2. The composite calendering mold for rice and flour products according to claim 1, characterized in that, The cleaning assembly (6) includes gear A (7), gear B (22), drive rod (20), scraper (8), brush sleeve (21) and housing (15). Gear A (7) is externally splined at the end of the calendering die roller A (11), and gear B (22) is externally meshed with gear A (7). Drive rod (20) is splined on the inner side of gear B (22), and brush sleeve (21) for cleaning the surface of calendering die roller A (11) is fixed to the outside of drive rod (20) with screws.

3. The composite calendering mold for rice and flour products according to claim 2, characterized in that, The box (15) is fixed to one side of the fixed frame A (2) with screws, and the end of the box (15) away from the fixed frame A (2) is bolted to the outside of the bracket A (14).

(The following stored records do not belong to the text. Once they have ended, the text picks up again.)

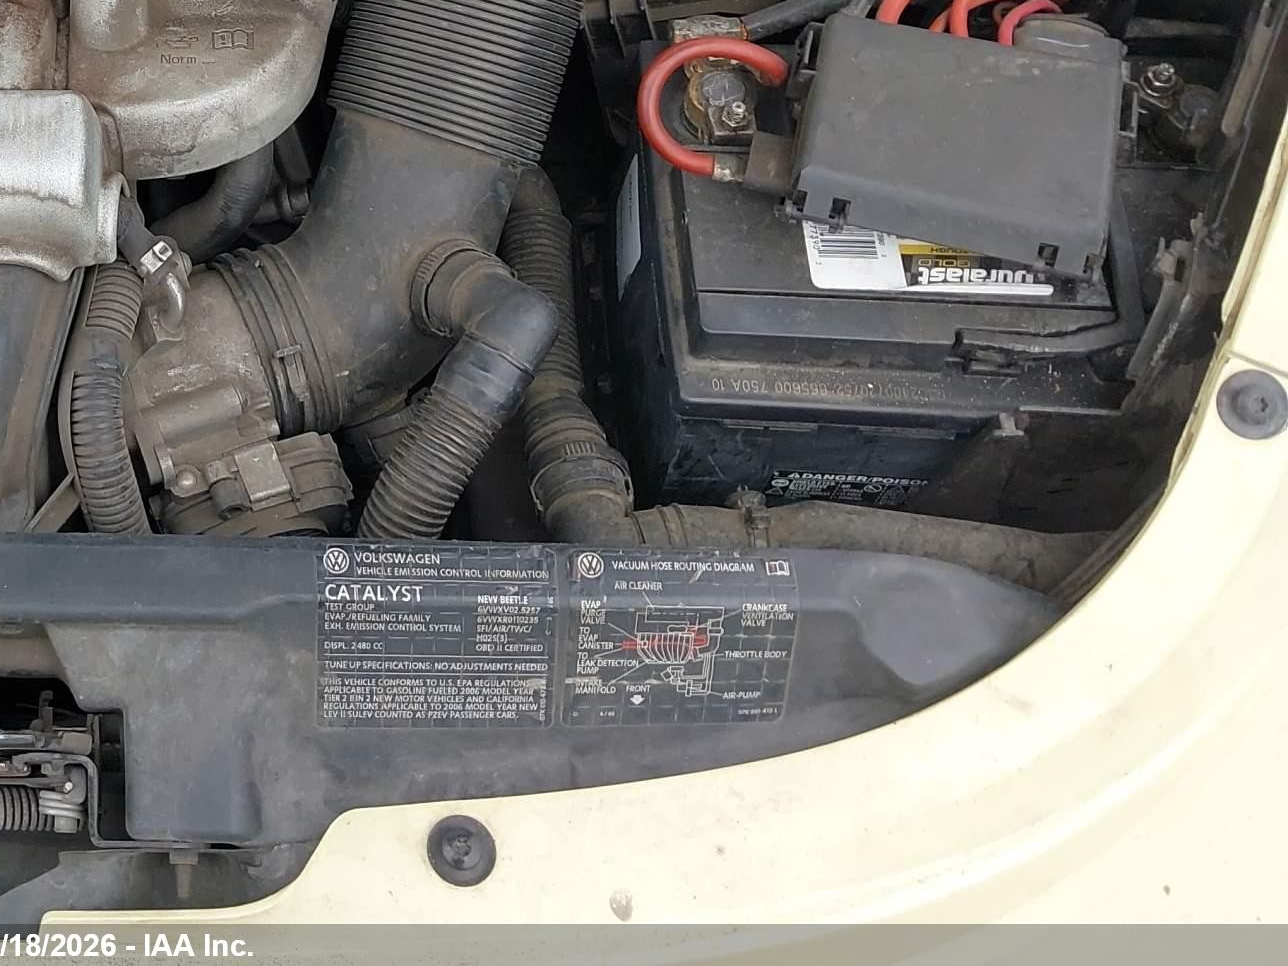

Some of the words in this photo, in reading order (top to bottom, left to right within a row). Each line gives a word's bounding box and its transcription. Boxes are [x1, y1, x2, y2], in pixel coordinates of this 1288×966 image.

[160, 54, 197, 65] Norm
[918, 258, 971, 267] GOLD
[711, 377, 725, 391] 10
[731, 378, 768, 394] 750A
[354, 552, 441, 565] VOLKSWAGEN
[612, 560, 650, 571] VACUUM
[651, 561, 673, 571] HOSE
[674, 561, 713, 572] ROUTING
[713, 562, 755, 572] DIAGRAM
[356, 566, 393, 575] VEHICLE
[394, 567, 438, 577] EMISSION
[440, 568, 482, 578] CONTROL
[484, 569, 550, 579] INFORMATION
[614, 581, 628, 590] AIR
[629, 581, 663, 591] CLEANER
[324, 584, 424, 603] CATALYST
[477, 594, 499, 604] NEW
[499, 595, 529, 605] BEETLE
[324, 603, 343, 611] TEST
[345, 603, 375, 611] GROUP
[580, 600, 601, 609] EVAP
[742, 603, 787, 612] CRANKCASE
[398, 613, 432, 622] FAMILY
[580, 616, 606, 624] VALVE
[741, 611, 794, 621] VENTILATION
[324, 621, 344, 630] EXH.
[345, 622, 385, 631] EMISSION
[387, 623, 426, 631] CONTROL
[428, 624, 462, 632] SYSTEM
[740, 619, 766, 627] VALVE
[578, 634, 599, 642] EVAP
[324, 641, 350, 650] DISPL.
[373, 642, 384, 650] CC
[475, 643, 495, 652] OBD
[504, 644, 544, 652] CERTIFIED
[578, 641, 614, 650] CANISTER
[577, 651, 588, 659] TO
[724, 650, 763, 659] THROTTLE
[763, 650, 787, 659] BODY
[324, 660, 347, 669] TUNE
[349, 661, 361, 669] UP
[362, 661, 433, 670] SPECIFICATIONS:
[434, 661, 449, 670] NO
[449, 662, 513, 671] ADJUSTMENTS
[514, 663, 548, 671] NEEDED
[577, 659, 596, 667] LEAK
[597, 659, 639, 667] DETECTION
[576, 666, 600, 675] PUMP
[324, 677, 342, 686] THIS
[344, 678, 377, 686] VEHICLE
[377, 678, 424, 686] CONFORMS
[426, 678, 438, 686] TO
[457, 679, 473, 687] EPA
[323, 686, 373, 694] APPLICABLE
[374, 686, 384, 694] TO
[386, 686, 426, 694] GASOLINE
[428, 687, 458, 695] FUELED
[460, 687, 480, 695] 2006
[482, 687, 511, 695] MODEL
[513, 688, 534, 696] YEAR
[575, 686, 617, 694] MANIFOLD
[625, 684, 651, 693] FRONT
[323, 694, 341, 702] TIER
[341, 694, 347, 702] 2
[365, 694, 371, 702] 2
[373, 694, 393, 703] NEW
[394, 695, 425, 703] MOTOR
[426, 695, 465, 703] VEHICLES
[466, 695, 485, 703] AND
[486, 695, 535, 703] CALIFORNIA
[722, 690, 761, 700] AIR-PUMP
[323, 702, 379, 710] REGULATIONS
[381, 702, 429, 711] APPLICABLE
[430, 703, 442, 711] TO
[443, 703, 463, 711] 2006
[464, 703, 494, 711] MODEL
[496, 703, 518, 711] YEAR
[518, 703, 539, 711] NEW
[323, 710, 339, 718] LEV
[347, 710, 373, 718] SULEV
[374, 710, 414, 719] COUNTED
[415, 711, 426, 719] AS
[449, 711, 495, 720] PASSENGER
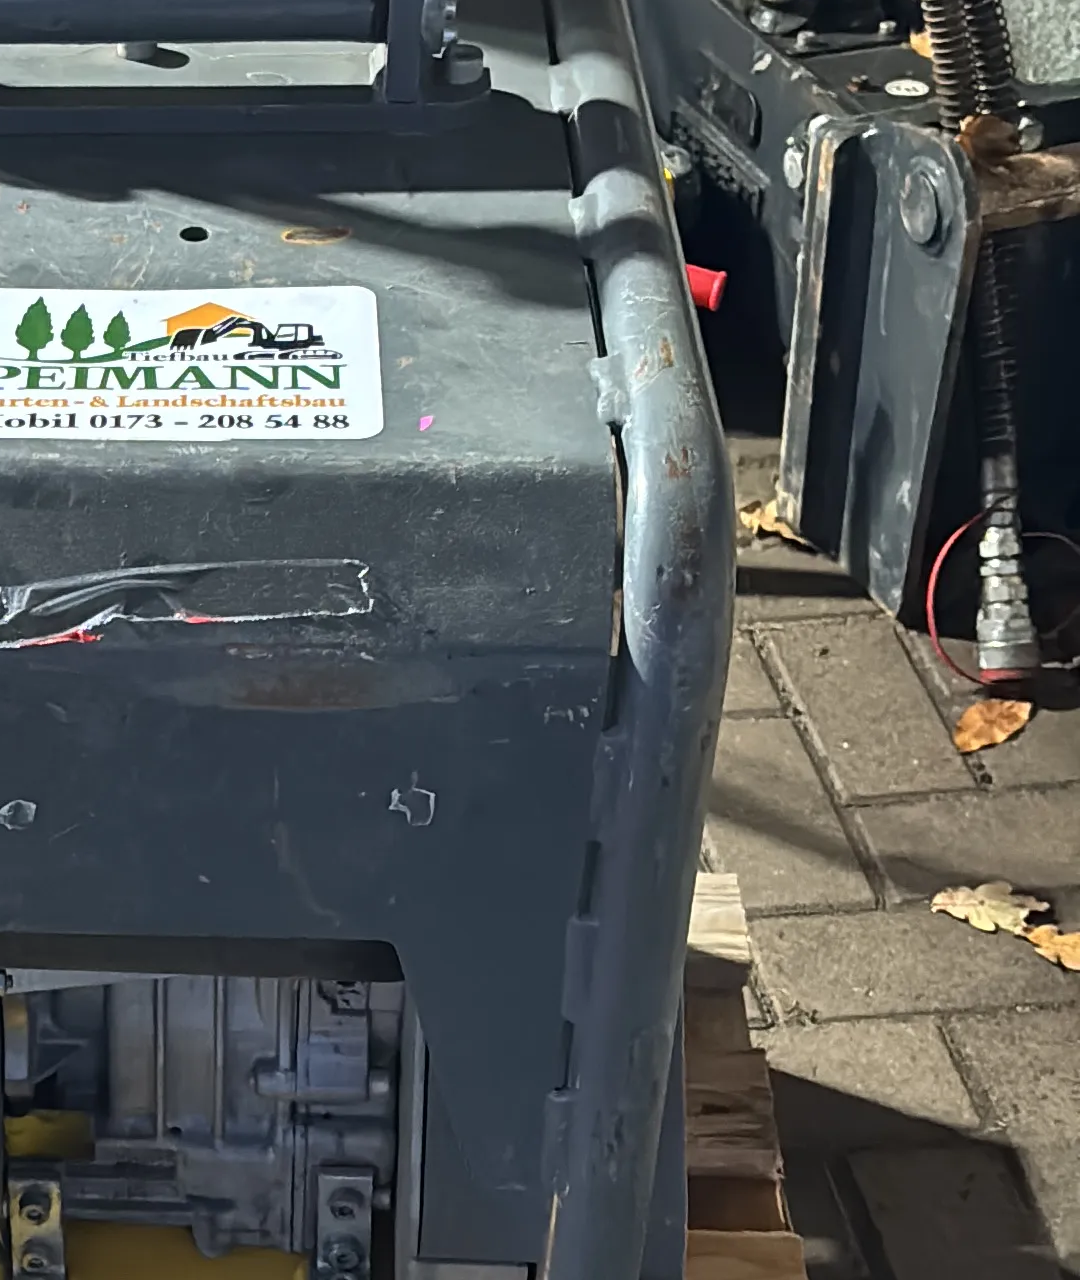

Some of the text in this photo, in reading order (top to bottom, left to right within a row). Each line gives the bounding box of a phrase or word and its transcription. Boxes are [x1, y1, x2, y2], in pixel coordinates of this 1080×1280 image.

[126, 351, 228, 362] Tiefbau
[89, 395, 109, 408] &
[116, 393, 348, 408] Landschaftsbau
[89, 413, 163, 430] 0173
[197, 412, 254, 429] 208
[263, 412, 302, 429] 54
[312, 412, 350, 429] 88

The box (15) is fixed to one side with screws with a scraper (8) that scrapes the surface of the calendering die roller A (11).

4. The composite calendering die for rice and flour products according to claim 1, characterized in that, The vertical frame A (3) has a limiting groove (4) on its surface that allows the fixed frame A (2) to slide.

5. The composite calendering mold for rice and flour products according to claim 1, characterized in that, The input terminals of the cylinder (1), motor A (9) and motor B (17) are all electrically connected to the power supply terminal of an external power source.